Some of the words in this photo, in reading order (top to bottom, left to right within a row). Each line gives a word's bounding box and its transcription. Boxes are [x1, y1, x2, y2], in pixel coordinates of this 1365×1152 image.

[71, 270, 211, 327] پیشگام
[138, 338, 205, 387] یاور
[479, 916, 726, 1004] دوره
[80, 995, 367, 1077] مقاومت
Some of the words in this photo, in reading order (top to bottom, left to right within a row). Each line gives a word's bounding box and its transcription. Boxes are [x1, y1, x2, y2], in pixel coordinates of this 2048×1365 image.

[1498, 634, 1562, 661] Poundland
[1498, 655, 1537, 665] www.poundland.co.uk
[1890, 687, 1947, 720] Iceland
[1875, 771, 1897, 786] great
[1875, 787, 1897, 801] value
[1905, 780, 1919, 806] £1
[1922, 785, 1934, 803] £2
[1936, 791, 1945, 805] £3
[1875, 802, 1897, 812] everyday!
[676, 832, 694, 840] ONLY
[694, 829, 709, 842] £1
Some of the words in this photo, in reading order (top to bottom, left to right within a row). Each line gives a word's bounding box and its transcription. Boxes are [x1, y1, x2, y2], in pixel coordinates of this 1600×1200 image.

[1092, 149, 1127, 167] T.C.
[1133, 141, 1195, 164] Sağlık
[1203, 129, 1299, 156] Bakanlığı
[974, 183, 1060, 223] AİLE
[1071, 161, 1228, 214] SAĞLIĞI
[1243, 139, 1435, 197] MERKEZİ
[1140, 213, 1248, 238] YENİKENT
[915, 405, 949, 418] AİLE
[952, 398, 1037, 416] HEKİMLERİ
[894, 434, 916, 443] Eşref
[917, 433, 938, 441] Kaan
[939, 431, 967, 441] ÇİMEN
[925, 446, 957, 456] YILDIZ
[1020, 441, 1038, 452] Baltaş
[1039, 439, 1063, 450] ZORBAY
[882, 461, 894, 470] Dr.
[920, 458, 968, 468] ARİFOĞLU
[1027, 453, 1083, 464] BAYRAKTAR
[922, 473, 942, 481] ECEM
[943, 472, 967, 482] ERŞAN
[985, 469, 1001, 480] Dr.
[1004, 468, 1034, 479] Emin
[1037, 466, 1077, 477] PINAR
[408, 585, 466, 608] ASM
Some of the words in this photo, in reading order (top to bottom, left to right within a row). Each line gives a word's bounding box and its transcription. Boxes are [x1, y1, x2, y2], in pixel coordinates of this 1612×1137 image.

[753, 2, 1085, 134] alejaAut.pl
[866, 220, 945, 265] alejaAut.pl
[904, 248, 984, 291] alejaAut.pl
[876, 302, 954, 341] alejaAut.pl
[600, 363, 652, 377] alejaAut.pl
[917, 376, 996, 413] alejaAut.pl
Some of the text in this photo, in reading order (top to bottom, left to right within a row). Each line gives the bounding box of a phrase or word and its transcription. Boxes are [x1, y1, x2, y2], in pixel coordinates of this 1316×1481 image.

**Task directions:**
The complete listing, from first line to last, should be copied verbatim.

**Task answer:**
Some of the words in this photo, in reading order (top to bottom, left to right within a row). Each line gives a word's bounding box and its transcription. Boxes are [x1, y1, x2, y2], in pixel coordinates of this 1365×1152 image.

[71, 270, 211, 327] پیشگام
[138, 338, 205, 387] یاور
[479, 916, 726, 1004] دوره
[80, 995, 367, 1077] مقاومت
Some of the words in this photo, in reading order (top to bottom, left to right within a row). Each line gives a word's bounding box and its transcription. Boxes are [x1, y1, x2, y2], in pixel coordinates of this 2048×1365 image.

[1498, 634, 1562, 661] Poundland
[1498, 655, 1537, 665] www.poundland.co.uk
[1890, 687, 1947, 720] Iceland
[1875, 771, 1897, 786] great
[1875, 787, 1897, 801] value
[1905, 780, 1919, 806] £1
[1922, 785, 1934, 803] £2
[1936, 791, 1945, 805] £3
[1875, 802, 1897, 812] everyday!
[676, 832, 694, 840] ONLY
[694, 829, 709, 842] £1
Some of the words in this photo, in reading order (top to bottom, left to right within a row). Each line gives a word's bounding box and its transcription. Boxes are [x1, y1, x2, y2], in pixel coordinates of this 1600×1200 image.

[1092, 149, 1127, 167] T.C.
[1133, 141, 1195, 164] Sağlık
[1203, 129, 1299, 156] Bakanlığı
[974, 183, 1060, 223] AİLE
[1071, 161, 1228, 214] SAĞLIĞI
[1243, 139, 1435, 197] MERKEZİ
[1140, 213, 1248, 238] YENİKENT
[915, 405, 949, 418] AİLE
[952, 398, 1037, 416] HEKİMLERİ
[894, 434, 916, 443] Eşref
[917, 433, 938, 441] Kaan
[939, 431, 967, 441] ÇİMEN
[925, 446, 957, 456] YILDIZ
[1020, 441, 1038, 452] Baltaş
[1039, 439, 1063, 450] ZORBAY
[882, 461, 894, 470] Dr.
[920, 458, 968, 468] ARİFOĞLU
[1027, 453, 1083, 464] BAYRAKTAR
[922, 473, 942, 481] ECEM
[943, 472, 967, 482] ERŞAN
[985, 469, 1001, 480] Dr.
[1004, 468, 1034, 479] Emin
[1037, 466, 1077, 477] PINAR
[408, 585, 466, 608] ASM
Some of the words in this photo, in reading order (top to bottom, left to right within a row). Each line gives a word's bounding box and its transcription. Boxes are [x1, y1, x2, y2], in pixel coordinates of this 1612×1137 image.

[753, 2, 1085, 134] alejaAut.pl
[866, 220, 945, 265] alejaAut.pl
[904, 248, 984, 291] alejaAut.pl
[876, 302, 954, 341] alejaAut.pl
[600, 363, 652, 377] alejaAut.pl
[917, 376, 996, 413] alejaAut.pl
Some of the text in this photo, in reading order (top to bottom, left to right within a row). Each line gives the bounding box of a phrase or word and its transcription. Boxes are [x1, y1, x2, y2], in pixel coordinates of this 1316×1481 image.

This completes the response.